Гордон(с горечью). Я вам могу ответить на это. Он ничего не сказал, потому что хотел, чтобы все думали, что Мартин застрелился. Ведь это должно было означать, что Мартин украл деньги.
Роберт(с грустью). Думаю, что именно этими мотивами руководствовался Стэнтон. Это очень похоже на все то, что мы о нем сегодня узнали.
Стэнтон. Нет, тут была иная причина, гораздо более важная. Я знал, что если Олуэн каким-то образом причастна к смерти Мартина, то она не может быть виновата. Ибо нечто похожее все равно бы произошло. Я знал ее лучше, чем кто-либо из вас, или мне казалось, что я понимаю ее лучше. И я верил ей. Она, пожалуй, единственный человек, которому я верю до конца. Она это знает. Я ей это говорил достаточно часто. Ей это безразлично, но она это знает.
Олуэн(удивленно). И вы даже не намекнули мне, что знаете?

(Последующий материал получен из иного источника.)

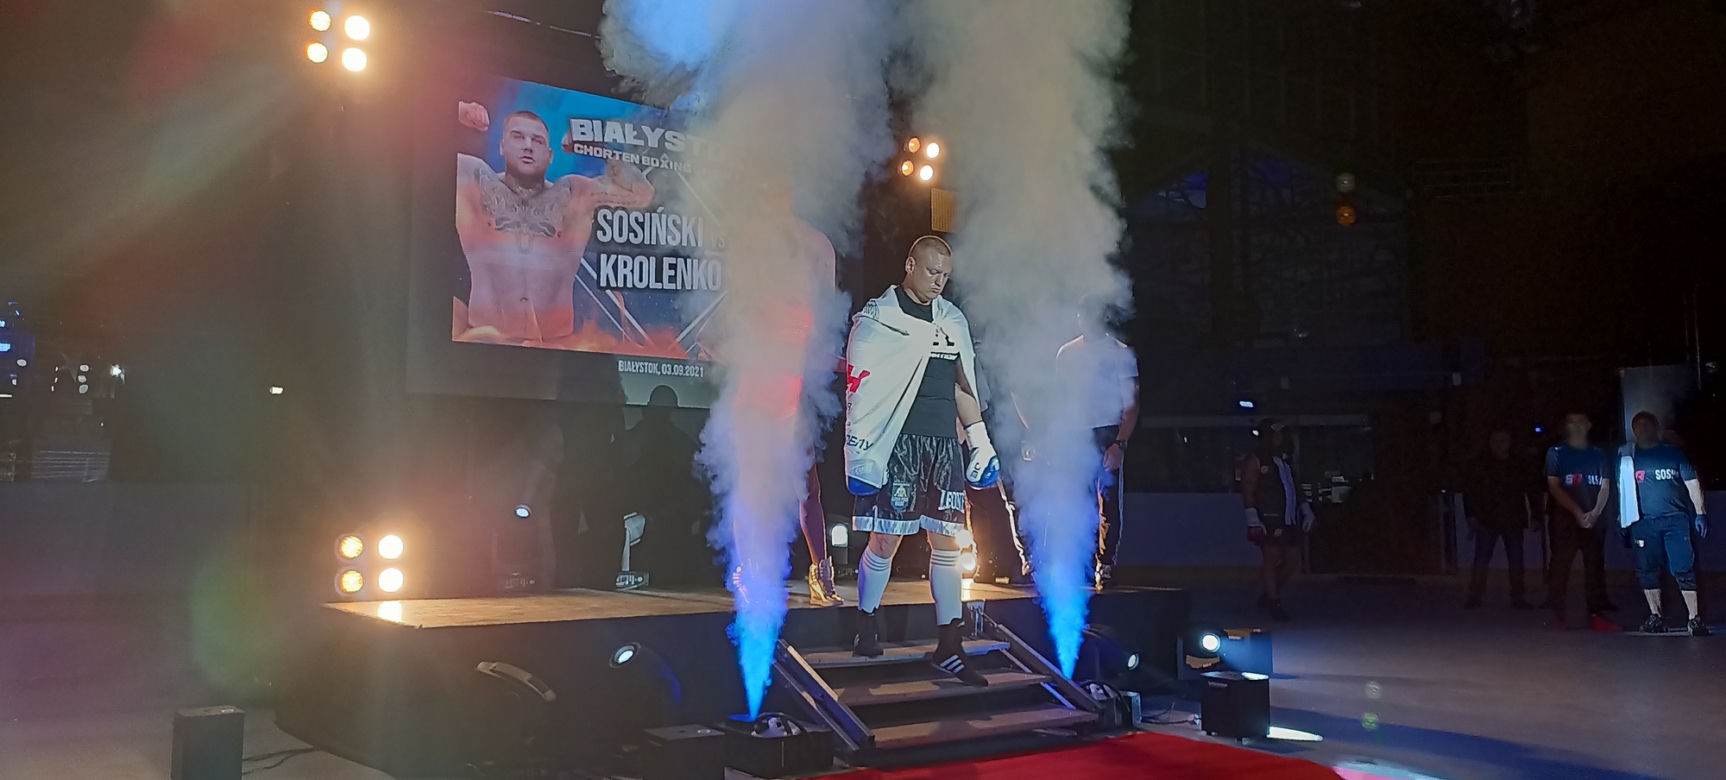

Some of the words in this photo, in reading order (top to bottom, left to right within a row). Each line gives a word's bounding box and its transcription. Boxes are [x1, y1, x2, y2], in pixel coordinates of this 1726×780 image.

[573, 143, 640, 165] CHORTEN
[596, 206, 704, 248] SOSIŃSKI
[599, 253, 721, 291] KROLENKO
[618, 360, 660, 376] BIAŁYSTOK,
[661, 363, 704, 378] 03.09.2021

Стэнтон. Удивительно, не правда ли? Какой замечательный случай я потерял, чтобы заинтересовать вас хотя бы на несколько минут. Но я не мог так поступить с вами. Мне кажется, что даже теперь, когда мы все запутались в этом деле, один из нас будет относиться к вам по-прежнему, с таким же почтительным, рыцарским уважением. И именно так я уже давно отношусь к вам. Я всегда знал, что вы молчали только оттого, что подозревали Роберта в похищении этих денег, и считали, что он находится в безопасности, до тех пор пока этот поступок будет приписываться Мартину. А все это, вместе взятое, не поощряло меня к откровенности.
Бетти(с едкой иронией). Неужели? Как жаль. Вы прямо романтический герой, не правда ли?